Check Point 2210 Appliance
Strengths: Good value, extensive selection of security measures, web security and anti-spam blades perform well, plenty of monitoring tools, easy to upgrade
Weaknesses: Deployment can be complex, reporting tools not perfect
Verdict: Offers SMEs a quality range of security measures at an affordable price, and Check Point’s software blades make it easy to customise to requirements
Check Point's new 2200 Appliance family is designed for SMEs that want affordable enterprise-level network security. They use the same software blades as the larger models, allowing them to be easily customised with only the required features. The 2210 has at its foundation Check Point's well-respected firewall, and this is partnered by blades for IPsec VPNs, identity awareness, mobile access security, clustering, IPS, application control, URL filtering, anti-virus and anti-spam.
Security policy management and logging are standard features across the family, and you can purchase extra blades as demand changes. The appliance has six Gigabit ports that can be configured for LAN, WAN, DMZ or dedicated management duties. It has claimed throughputs of 3Gbps for the firewall and 2Gbps with IPS enabled.

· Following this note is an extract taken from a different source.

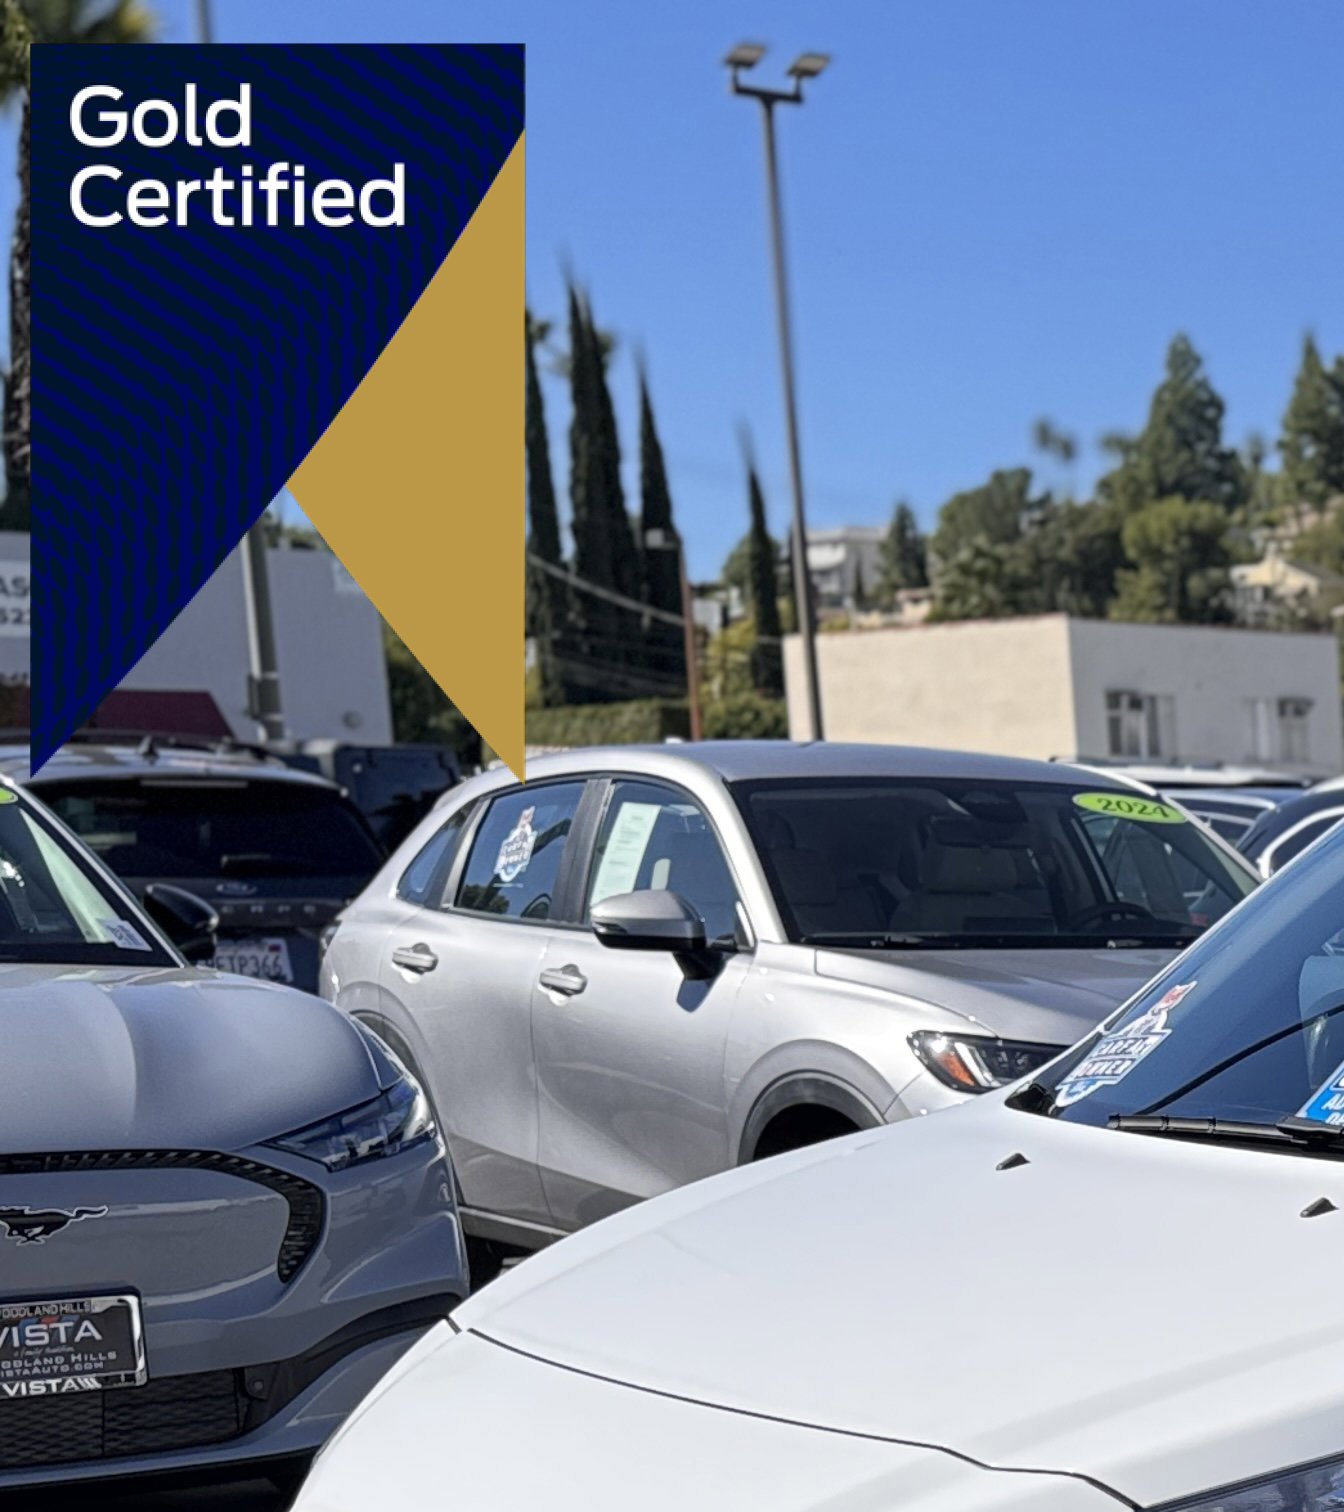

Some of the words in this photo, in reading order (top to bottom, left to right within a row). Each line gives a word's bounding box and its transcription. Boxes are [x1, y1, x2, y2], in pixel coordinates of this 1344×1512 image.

Installation starts at the web console, which fires up a wizard for setting up basic network parameters for the LAN and WAN ports. The console provides access to basic appliance settings and diagnostics, and the internal 250GB hard disk can also be used as an image repository for backing up entire configurations.
For testing in the lab we prefer to have the appliance providing DHCP services on the LAN, but this can only be run from the CLI using the Sysconfig command. However, it's easy enough to achieve where you provide your subnet, address range plus gateway and enable the server.
To fully manage the appliance and create security policies you download Check Point's SmartConsole, which installs a wide range of management and monitoring utilities.
The firewall blocks all traffic by default and is configured using rules that contain source and destination objects, services, time schedules and logging options. For actions you can permit, deny or drop traffic and enforce user and session authentication within each rule. The identity awareness blade is a new addition and links user names to machines, so security policies can be applied to identities regardless of where users log in from. The mobile access blade secures access for remote workers.
It provides a wizard for creating SSL VPN portals that determine what resources and apps will be presented to the user. It also enforces local authentication via the appliance or remotely using methods such as AD or Radius.
For URL filtering, Check Point has moved away from traditional URL category lists and now includes its AppWiki feature. This provides a database of 4,500 Web 2.0 apps, nearly 250,000 social network widgets and individual activities specifically for Facebook.
The SmartEvent utility provides a slick graphical interface where you can examine policy activity for security blades. A timeline displays an overview of events for up to one month, so you can quickly pinpoint any unusual behaviour.Spam activity can't be monitored from SmartEvent so you'll need to use the SmartReporter tool for this blade. It provides a wide range of reports for all blades and can be used to query other Check Point gateways as well.
Anti-spam reporting is the least impressive section as you get only one option, which is hidden in the Express report section and can only look back over the previous two weeks. We also found that some of the URL filtering reports wouldn't generate any data, and suspect they only work with Check Point's older legacy blade.